A coalition of organisations, including trade bodies Kunsten ’92 and Association of Dutch Music Venues and Festivals’ (VNPF), launched a joint campaign against the government’s plans earlier this year.
Kunsten ’92 had warned the government’s plan to raise the VAT rate for the sector by 9% to 21% from 2026 would lead to a €350 million annual loss in income and have a “negative domino effect” on the Dutch business.
The government said the increase would have generated €1.2 billon for the treasury, but campaigners argued it would add more than 10% to the price of tickets.
However, during this week’s debate on the Tax Plan 2025, finance minister Eelco Heinen committed to working with the coalition and opposition to find an alternative to the proposal.
“Kunsten ’92 is pleased that the VAT on art and culture is being reconsidered”
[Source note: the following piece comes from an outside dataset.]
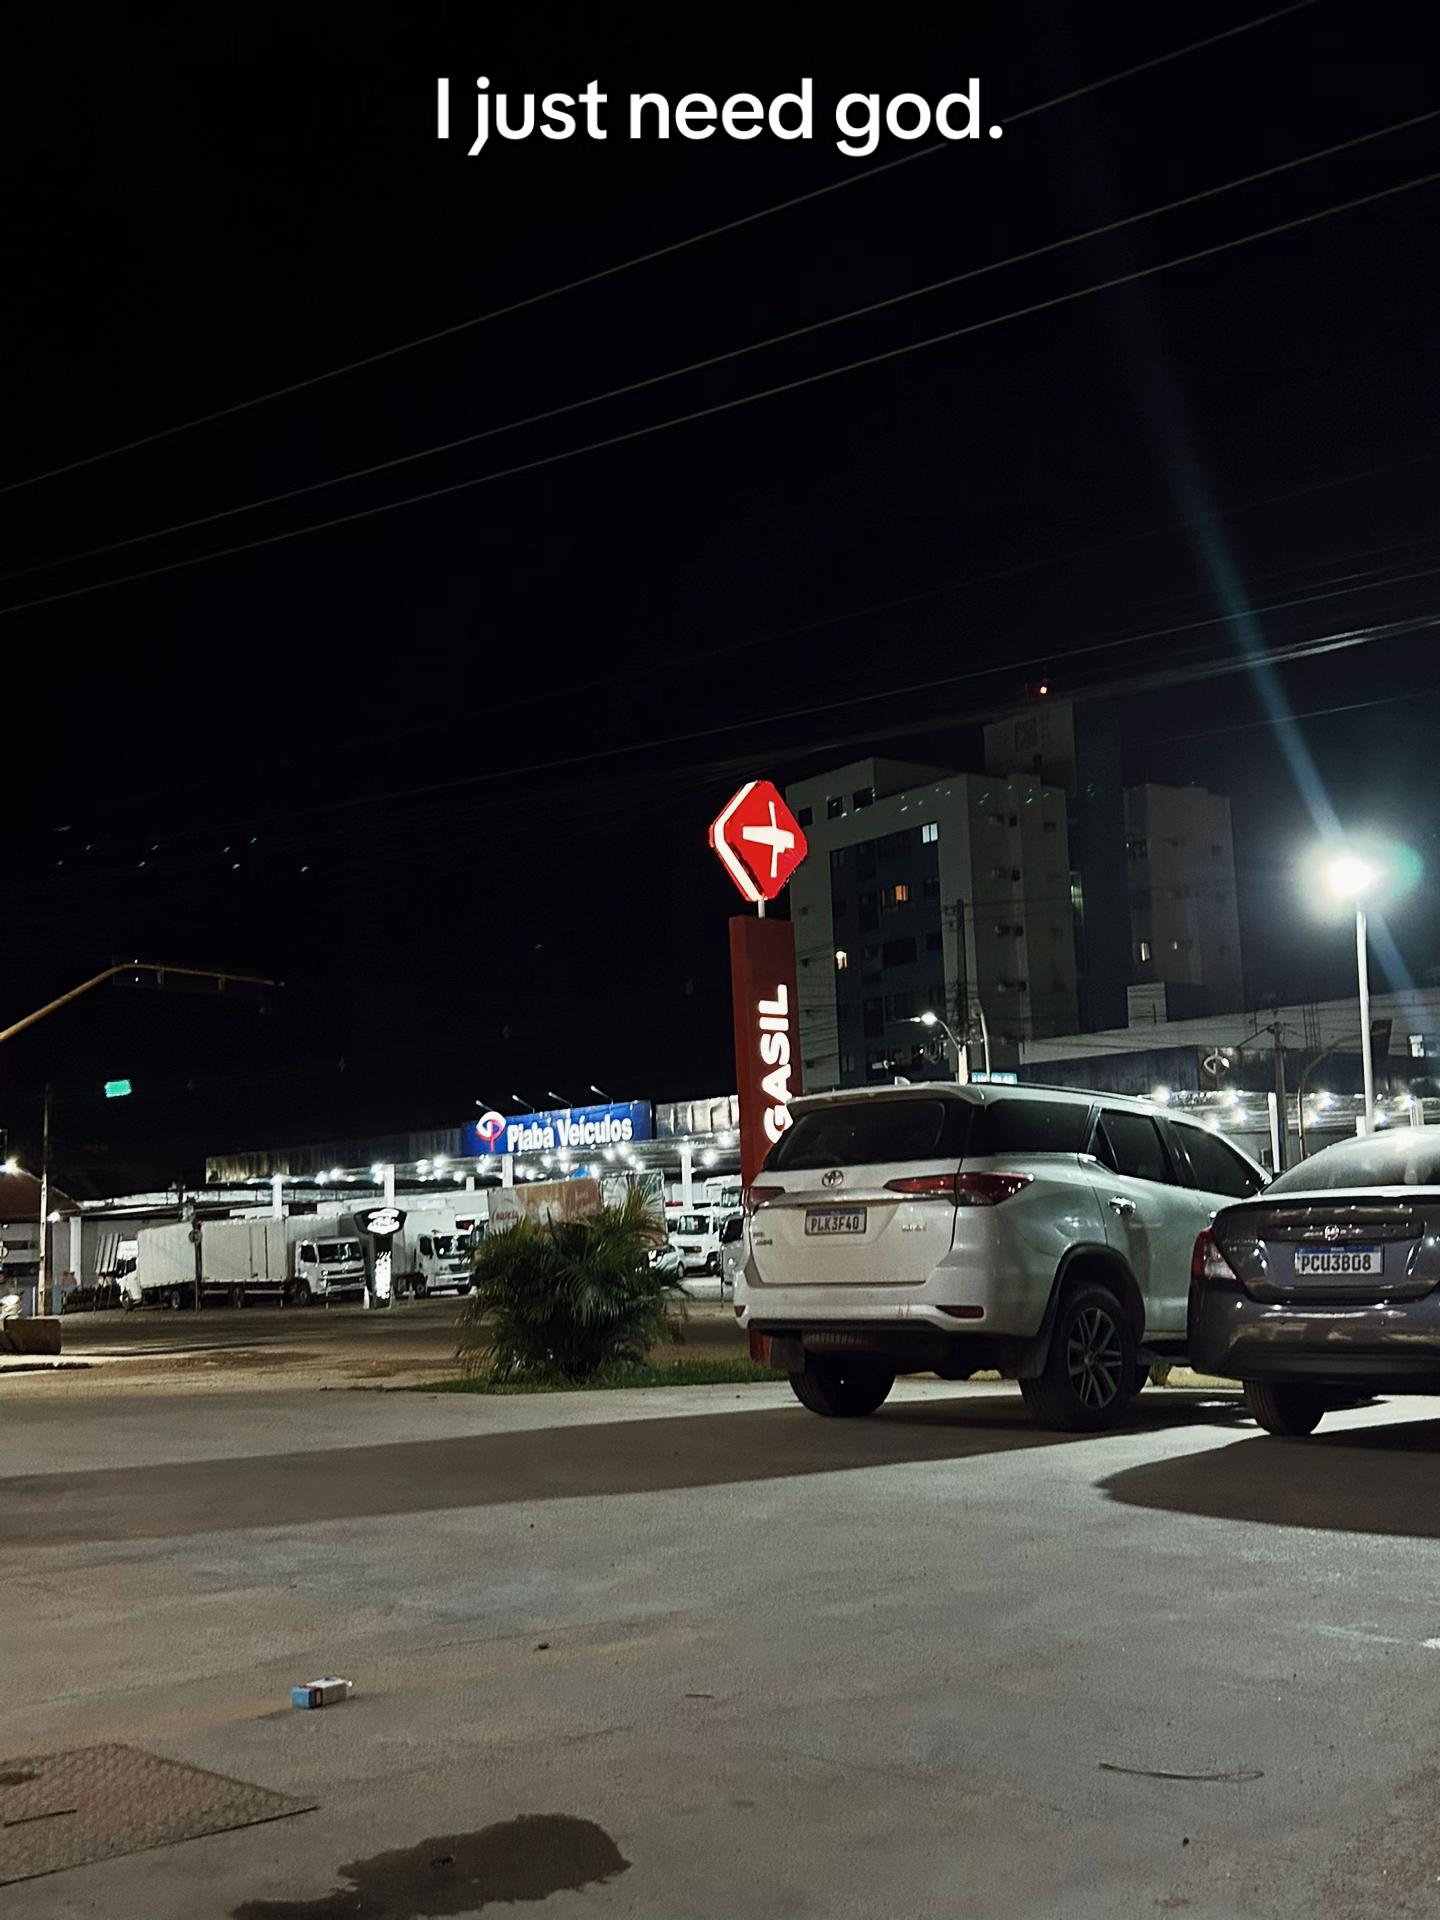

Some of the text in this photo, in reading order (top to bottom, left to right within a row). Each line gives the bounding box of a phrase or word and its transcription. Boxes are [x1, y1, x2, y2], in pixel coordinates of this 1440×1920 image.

[557, 1113, 633, 1147] Veículos
[810, 1215, 860, 1233] PLK3F40
[1301, 1254, 1372, 1272] PCU3B08
“Kunsten ’92 is pleased that the VAT on art and culture is being reconsidered by the cabinet and the House of Representatives,” says Astrid Weij, director of Kunsten ’92. “They have worked very hard to show that the measure has major negative consequences for the cultural and creative sector. That has worked.”
The VNPF explains the cabinet was forced to scrap the measure by opposition parties in the House of Representatives, as the proposal would not have gained a majority in the senate without their support, although a tax rise for hotels and other lodging accommodation will still go ahead.
A full-page advert appeared in every national and regional newspaper on 3 June with the message #nohigherebtw (nohigherVAT) on behalf of the cultural alliance.
“Every Dutch citizen will feel the VAT increase in their wallet,” cautioned Weij at a rally in September. “Whether you like museums, visit concerts, play sports, read books or have a newspaper subscription: everything will become more expensive. This will lead to people being forced to drop out, while these things actually contribute to our well-being.
“In the long term, this will cost society much more than it yields. With this campaign, we want to show how big the impact of this measure can be for all of us.”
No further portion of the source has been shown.